Some educators may be feeling increased uncertainty or stress by events that are not in their control. This is a very common feeling, so I share these resources below to strengthen their spiritual and mental health in these uncertain days.
- ”Faith in the time of Coronavirus” by America Magazine - An article that contains some simple and powerful ways to remember God has you and continues to call you to grow and serve even through this.
- The Hallow App has removed their paywall temporarily, offering everything for free. There are some great resources there for Lent and this challenging public health situation.
- Koru Mindfulness has resources utilizing mindfulness to build resiliency in general and in light of coronavirus, specifically. They have dropped their paywall for the next few weeks for students. Please Note: this is not a Catholic app, so use what works for you and adapt as needed.
- Magnificat Online is currently offering their online version for free to help people pray at home.
2. Many educators thrive on the idea of routines and schedules. What advice do you have for the folks who are now faced with unstructured days?

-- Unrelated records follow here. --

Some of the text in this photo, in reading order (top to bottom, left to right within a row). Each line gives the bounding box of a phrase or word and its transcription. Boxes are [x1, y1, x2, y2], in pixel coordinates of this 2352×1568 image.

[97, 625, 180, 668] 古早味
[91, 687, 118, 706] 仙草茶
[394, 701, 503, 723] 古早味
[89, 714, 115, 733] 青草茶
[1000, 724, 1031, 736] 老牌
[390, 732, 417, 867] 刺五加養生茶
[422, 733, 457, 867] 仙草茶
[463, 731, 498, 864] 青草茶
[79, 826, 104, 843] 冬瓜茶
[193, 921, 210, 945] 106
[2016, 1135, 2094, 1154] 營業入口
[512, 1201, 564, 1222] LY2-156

You have to focus on what you can control and let go of what you can’t. That means developing a plan and a routine that you can do something about, rather than letting the constant headlines, social media, and uncertainty overwhelm you. Create and maintain some predictability. Some of the ACErs I have talked to have found putting regular routines in place has eased their anxiety and worry.

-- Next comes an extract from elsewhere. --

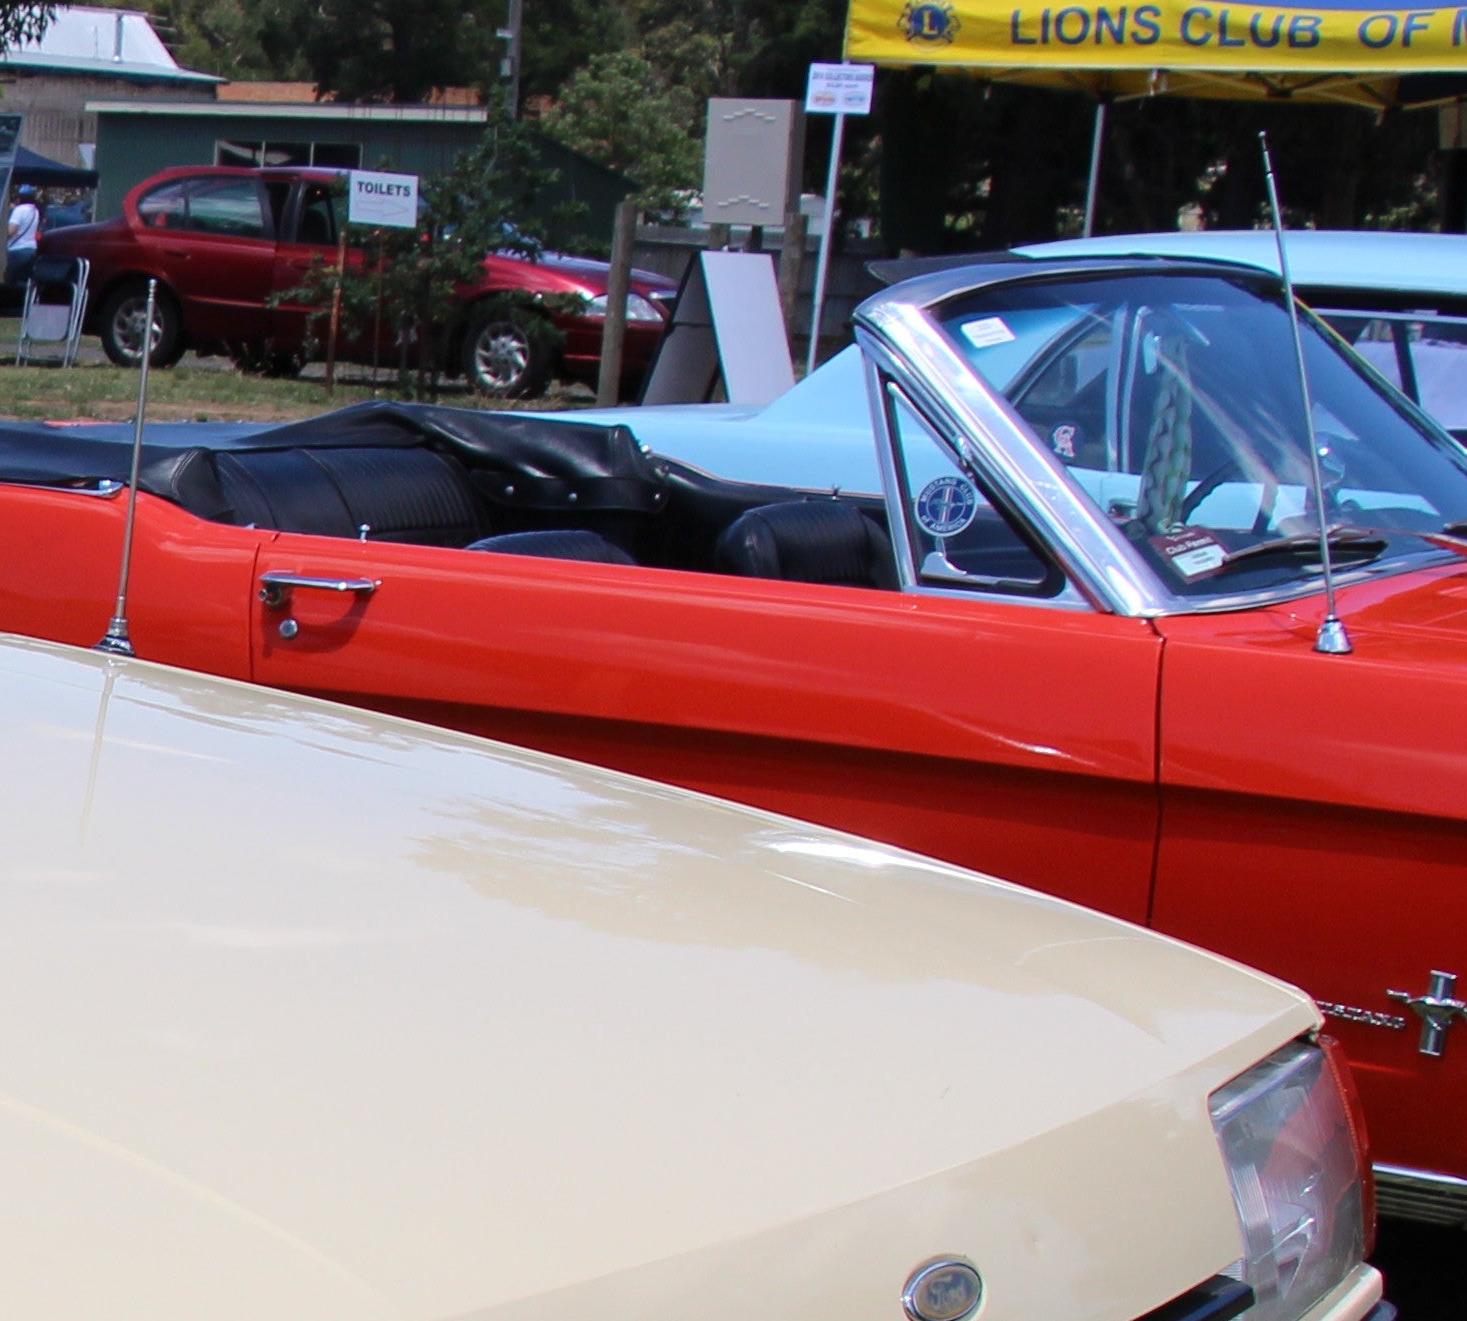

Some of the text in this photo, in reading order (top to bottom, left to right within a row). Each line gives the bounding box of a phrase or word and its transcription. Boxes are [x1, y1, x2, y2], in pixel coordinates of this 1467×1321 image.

[1011, 6, 1163, 46] LIONS
[1180, 8, 1323, 49] CLUB
[1358, 12, 1435, 49] OF
[357, 181, 411, 197] TOILETS

This may mean writing out a schedule and limiting your social media time to 15 minutes a day. I emphasize this because often what we consume via social media evokes some sort of emotion. While we can control our emotions, people may want to focus on controlling what they consume.
You need to give yourself permission to feel what you feel. Don’t be too hard on yourself for thinking bad thoughts. But try not to reinforce them.
Establish a sleep routine, turn off the news if it gets to be too much, let that person you’re talking to know you’ll need to talk later, or about something else if it’s too doomy and gloomy.
Get outside for a daily walk, a daily online yoga class, and join morning prayer and night prayer with others, virtually, when you can.
3. How important are the ideas of mindfulness and positivity for educators, particularly during this time?
Not only is this something important for each of us to bring to our lives, but this positive posture can be transformative in the lives of the students we serve.
There are some great apps out there that can help us all practice mindfulness in addition to the ones I mentioned above, including Calm and Headspace. If you are unsure about what mindfulness is or where to start, here is a helpful introduction from Headspace.
I'm also pretty excited about an event that is coming up in the beginning of April: The Power of Positive Summit. It will feature many coaches, entrepreneurs, educators, athletes, and others who discuss the power of strengths-based thinking.
For those who are seeking something that connects our Catholic prayer and yoga, you might want to explore Ignatian Yoga.
4. With many cities and states issuing “stay at home” orders, how can educators combat depression and “the blues”?
It’s important to note how getting outside helps change our biochemistry and combats depression. We know that 20 minutes of activity outside (even when it’s cloudy) daily is key to increasing our “feel good” hormones: endorphins.
So take that walk, shoot hoops in your driveway, take your workout outside. Need some inspiration? Check this out!
Finally, remember the importance of connection. We are made for one another. Can you drop off groceries for a neighbor? How can you be of service? How can you practice kindness?
I know we have all 5 kids under our roof, including 2 college kids and an ACE teacher. The only rule we have is be kind. The golden rule matters now more than ever! Now is a great time for handwritten notes sent via snail mail, for FaceTime, for Zoom Bible study, for collective book clubs, and as many more ideas that there are people!
I’d also turn this question back to our readers here, What creative ideas out are out there to connect all of us? Perhaps share pics of communities FaceTiming or people baking on Tuesday nights in solidarity with Fr. Joe, harkening to cookie nights over ACE Summer! I'd love to create a space to share good news and best parts of our days with one another as well.
5. What other pieces of advice would you like to share with fellow educators?
Now is the time for strengths-based thinking. Research tells us that people thrive when strengths are identified and acted upon. This is true for us, for our families, and for our students.
I challenge you to bring a renewed energy to look through the lens of strengths that helps us see the gifts we have to share and the gifts others bring, as well. As Howard Thurman so eloquently says,
“A crown is placed over our heads that for the rest of our lives
we are trying to grow tall enough to wear.”
Please know we are here for you and please be there for each other. Don’t hesitate to reach out if we can do anything for you. Faith, hope and love are given to us all abundantly and we, disciples with hope to bring, are to pass these on with joy.